◆ **Exercise aim**
What is needed is an exact transcription of every entry below, with the pictures left out.

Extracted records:
━━━━━━━━━━━━━━━━━━━━

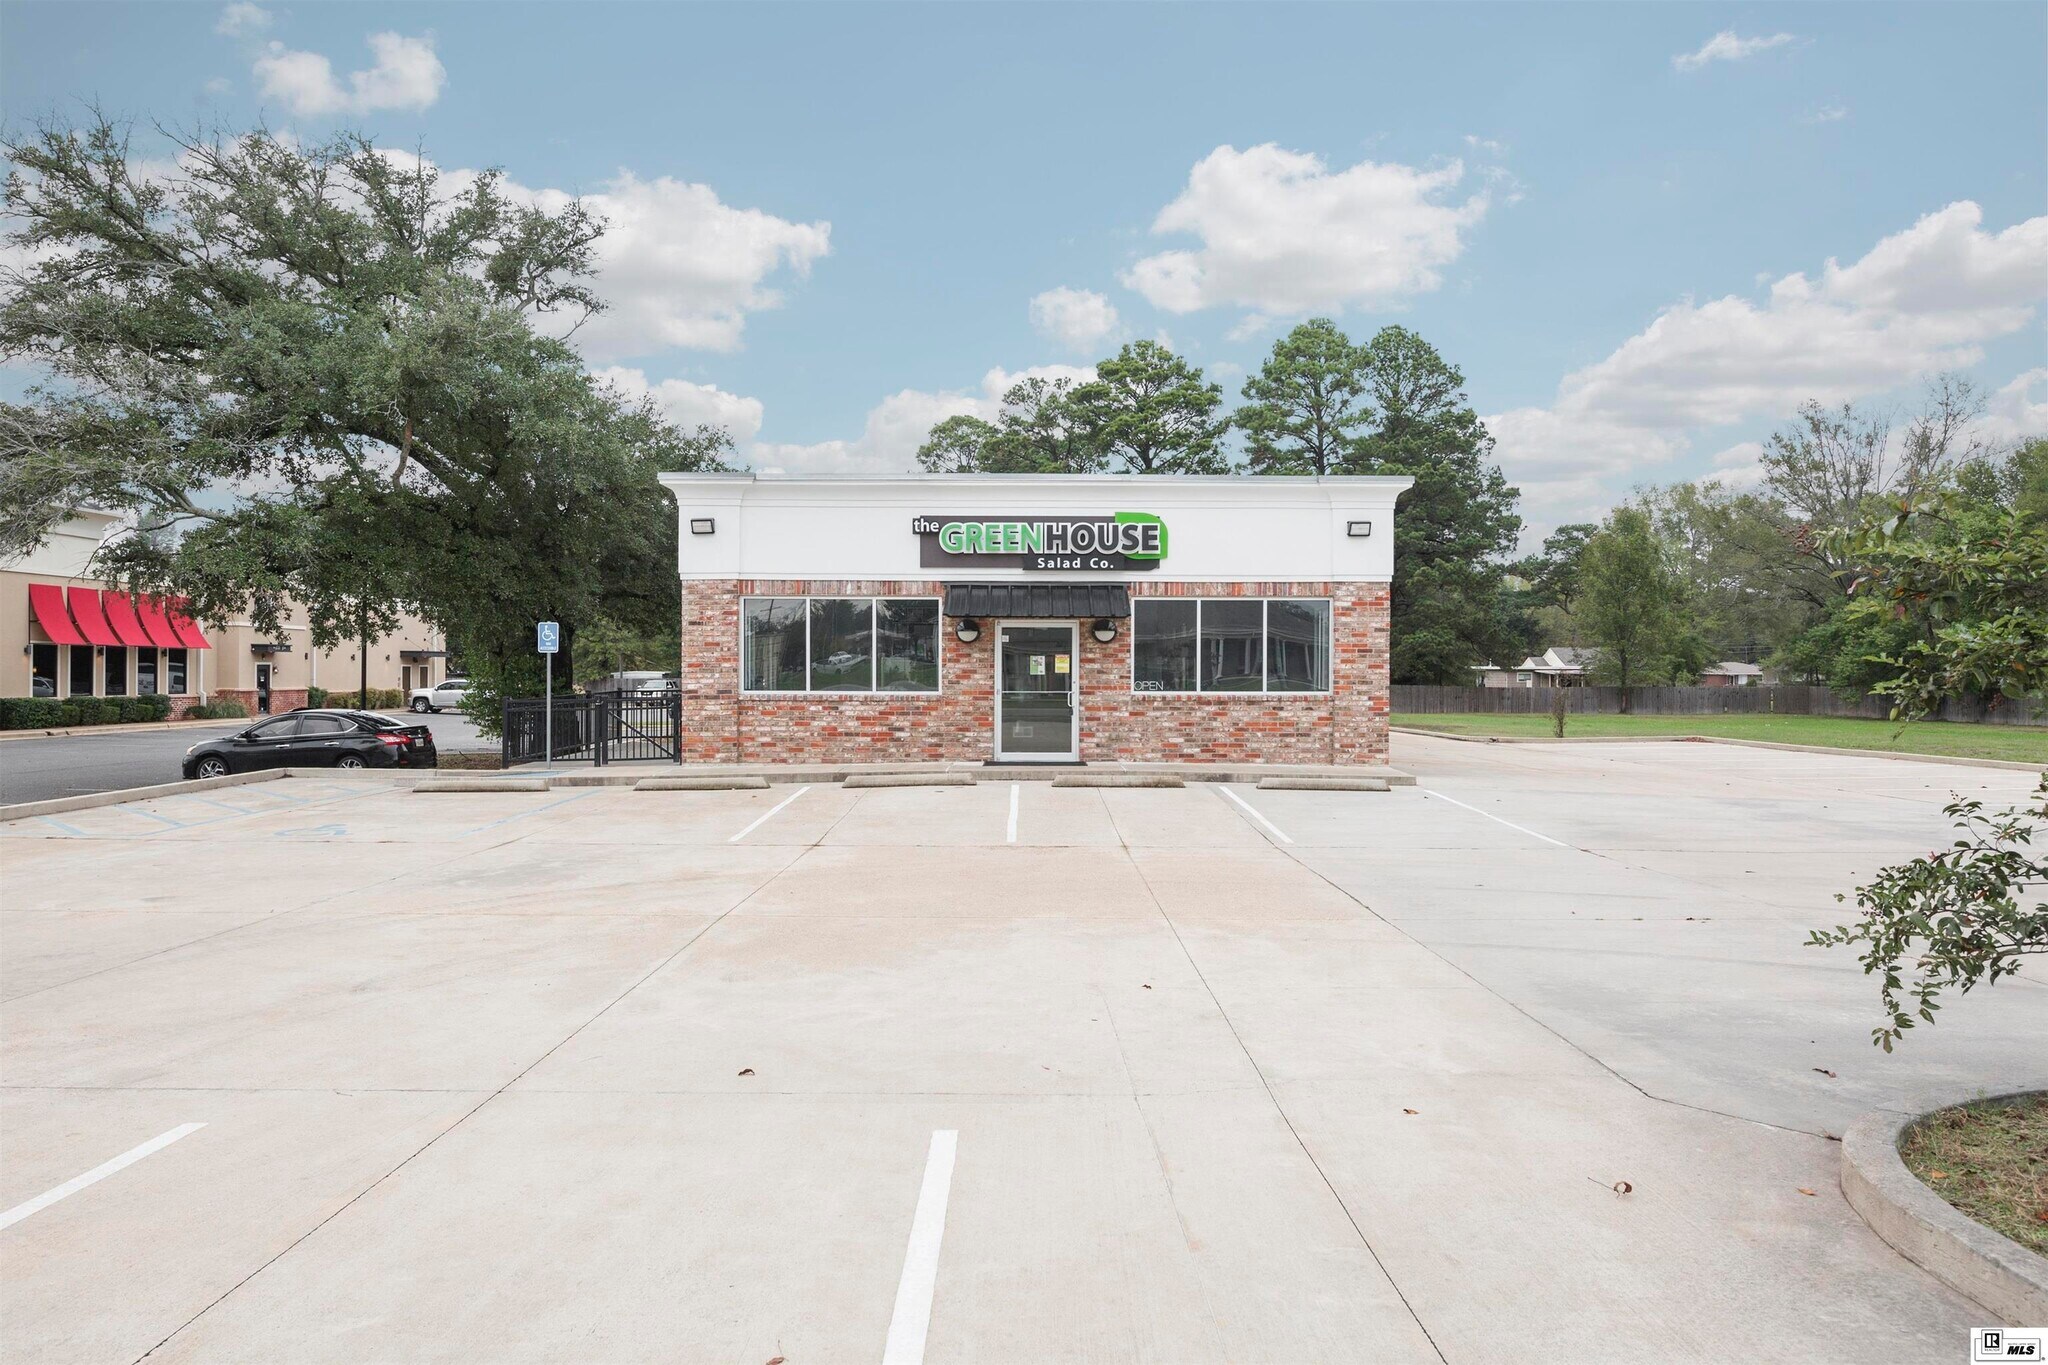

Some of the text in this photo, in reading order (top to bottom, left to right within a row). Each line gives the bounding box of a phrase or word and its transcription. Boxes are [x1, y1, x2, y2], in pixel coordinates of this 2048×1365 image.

[913, 519, 939, 532] the
[939, 522, 1161, 554] GREENHOUSE
[1037, 557, 1115, 569] Salad Co.
[1134, 681, 1164, 690] OPEN

━━━━━━━━━━━━━━━━━━━━

◆ **Exercise answer**
Some of the text in this photo, in reading order (top to bottom, left to right within a row). Each line gives the bounding box of a phrase or word and its transcription. Boxes are [x1, y1, x2, y2], in pixel coordinates of this 2048×1365 image.

[913, 519, 939, 532] the
[939, 522, 1161, 554] GREENHOUSE
[1037, 557, 1115, 569] Salad Co.
[1134, 681, 1164, 690] OPEN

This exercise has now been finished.